Little is known about the worm-like parasites that live on the Greenland shark’s eyes either, and whether it is a parasitic or symbiotic relationship. Analysis of Greenland shark corneas suggests that the tissue is not scarred by the parasitism and that light is still able to reach the retina, although experiments show their nerve responses to flashes of light are among the slowest ever recorded in an animal. Some biologists have suggested that the copepod parasites may be beneficially bioluminescent, helping sharks attract prey or mates in the dark abyssal depths, although there is little evidence to support this. Steffensen, attempting to gather evidence for this during the endless day of the polar summer, once agreed to sit and watch the parasites in the only space they could find that was pitch black – the camp’s cold room. “We got our warm clothes on and sat in there for a few hours, and saw nothing,” he laughs. Another theory is that the parasites could act as window-cleaners, removing debris and refreshing the surface of the lens to help keep it functional over hundreds of years.

Steffensen’s next expedition will see him and a group of 22 biologists go out and fish for more sharks round the clock, for eight days. One of their key aims is to find individuals of different sizes to help fill in the picture of how the Greenland shark grows.
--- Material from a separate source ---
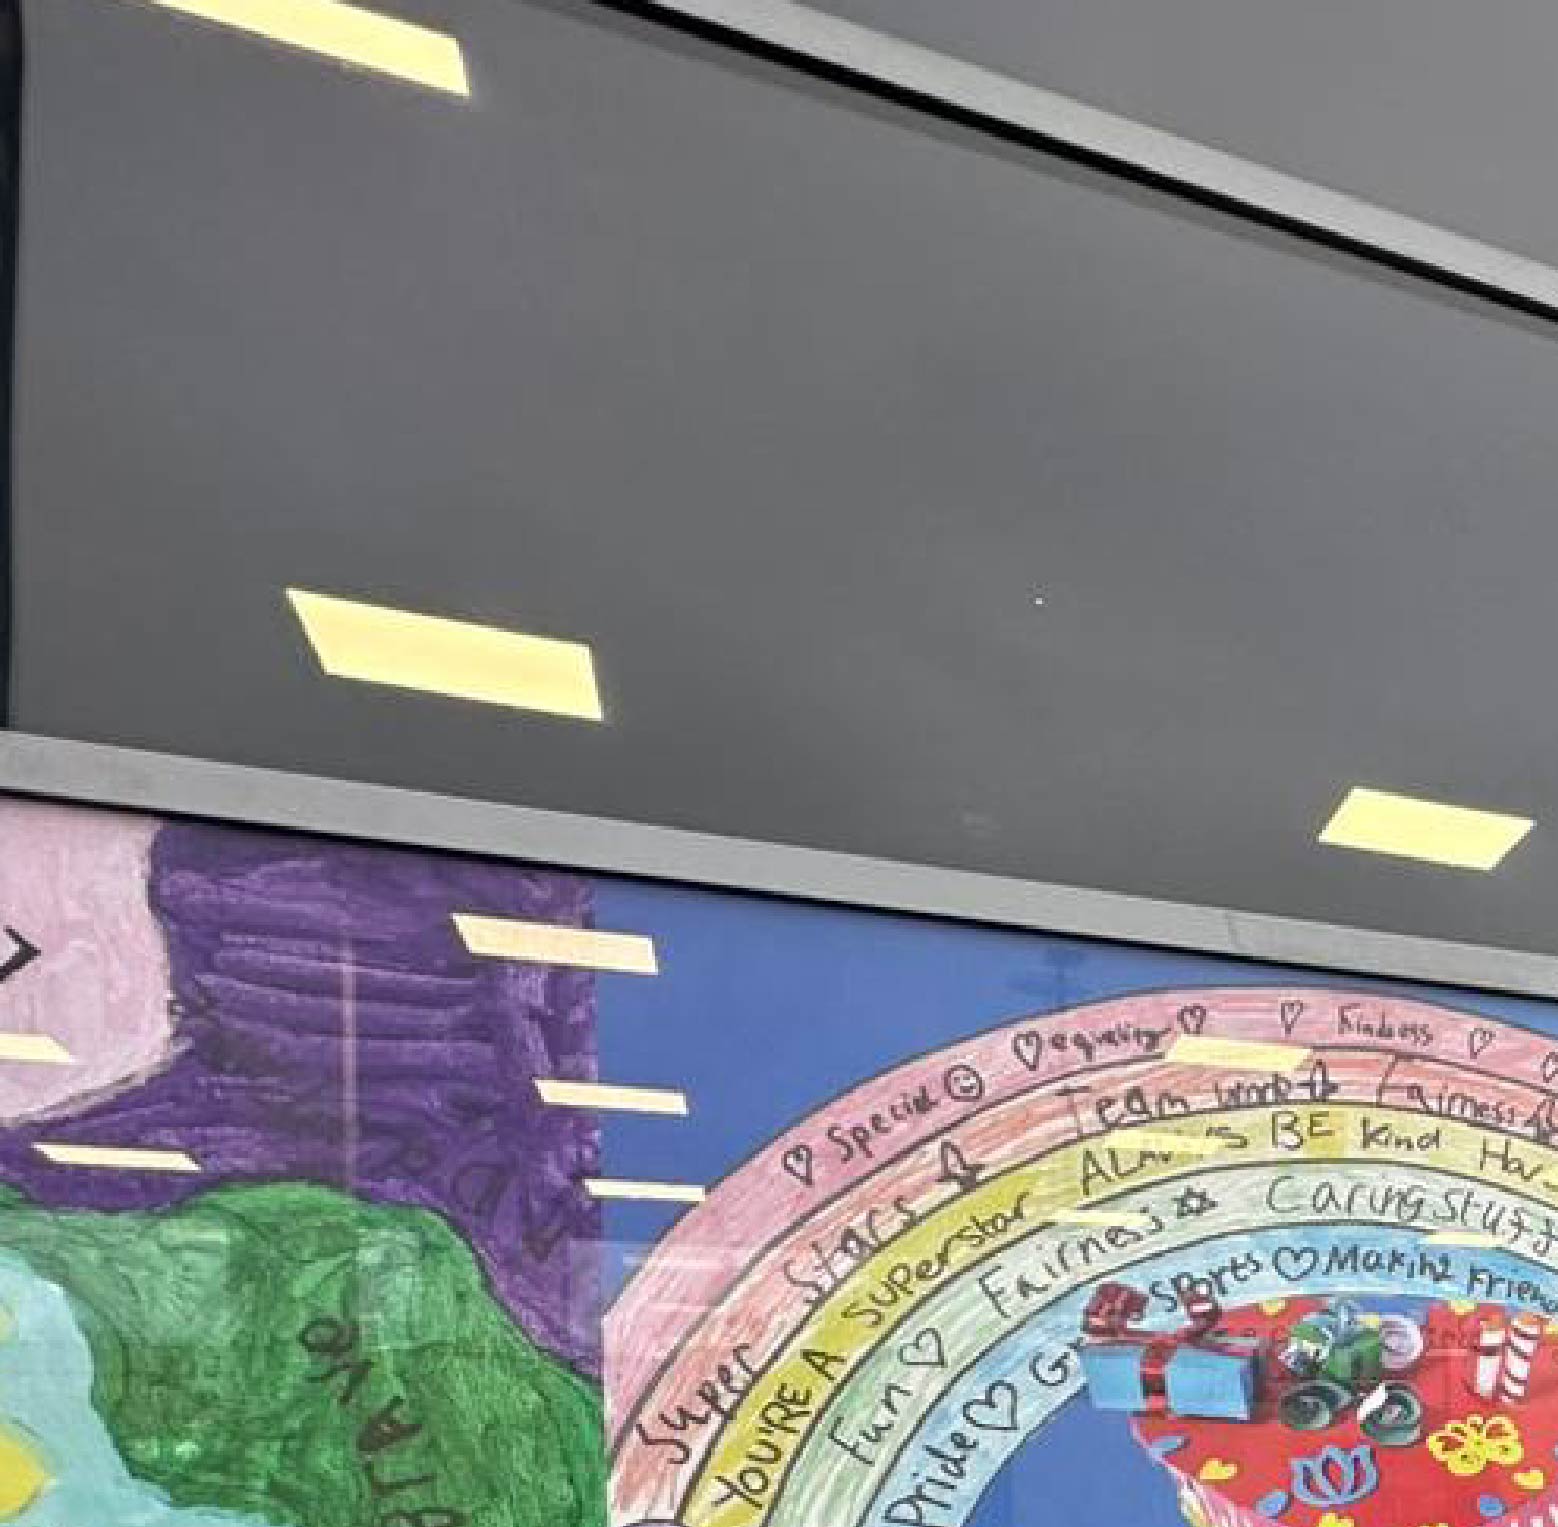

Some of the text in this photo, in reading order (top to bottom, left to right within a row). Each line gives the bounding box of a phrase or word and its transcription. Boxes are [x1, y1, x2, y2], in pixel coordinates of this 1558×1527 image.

[1271, 1110, 1333, 1151] BE
[806, 1348, 848, 1382] A
[828, 1382, 914, 1466] Fun
He hopes that future studies will be able to focus on telomere length and DNA methylation of the shark’s genome to further validate estimates of its longevity, and get more clues about how it protects itself from age-related degradation over such a long lifespan. He would also like to gather better tagging data, including the use of accelerometers, to better understand their movements in the ocean.

 

REFERENCE

1) Nielsen, J. et al. Eye lens radiocarbon reveals centuries of longevity in the Greenland shark (Somniosus microcephalus). Science 353,702–704 (2016).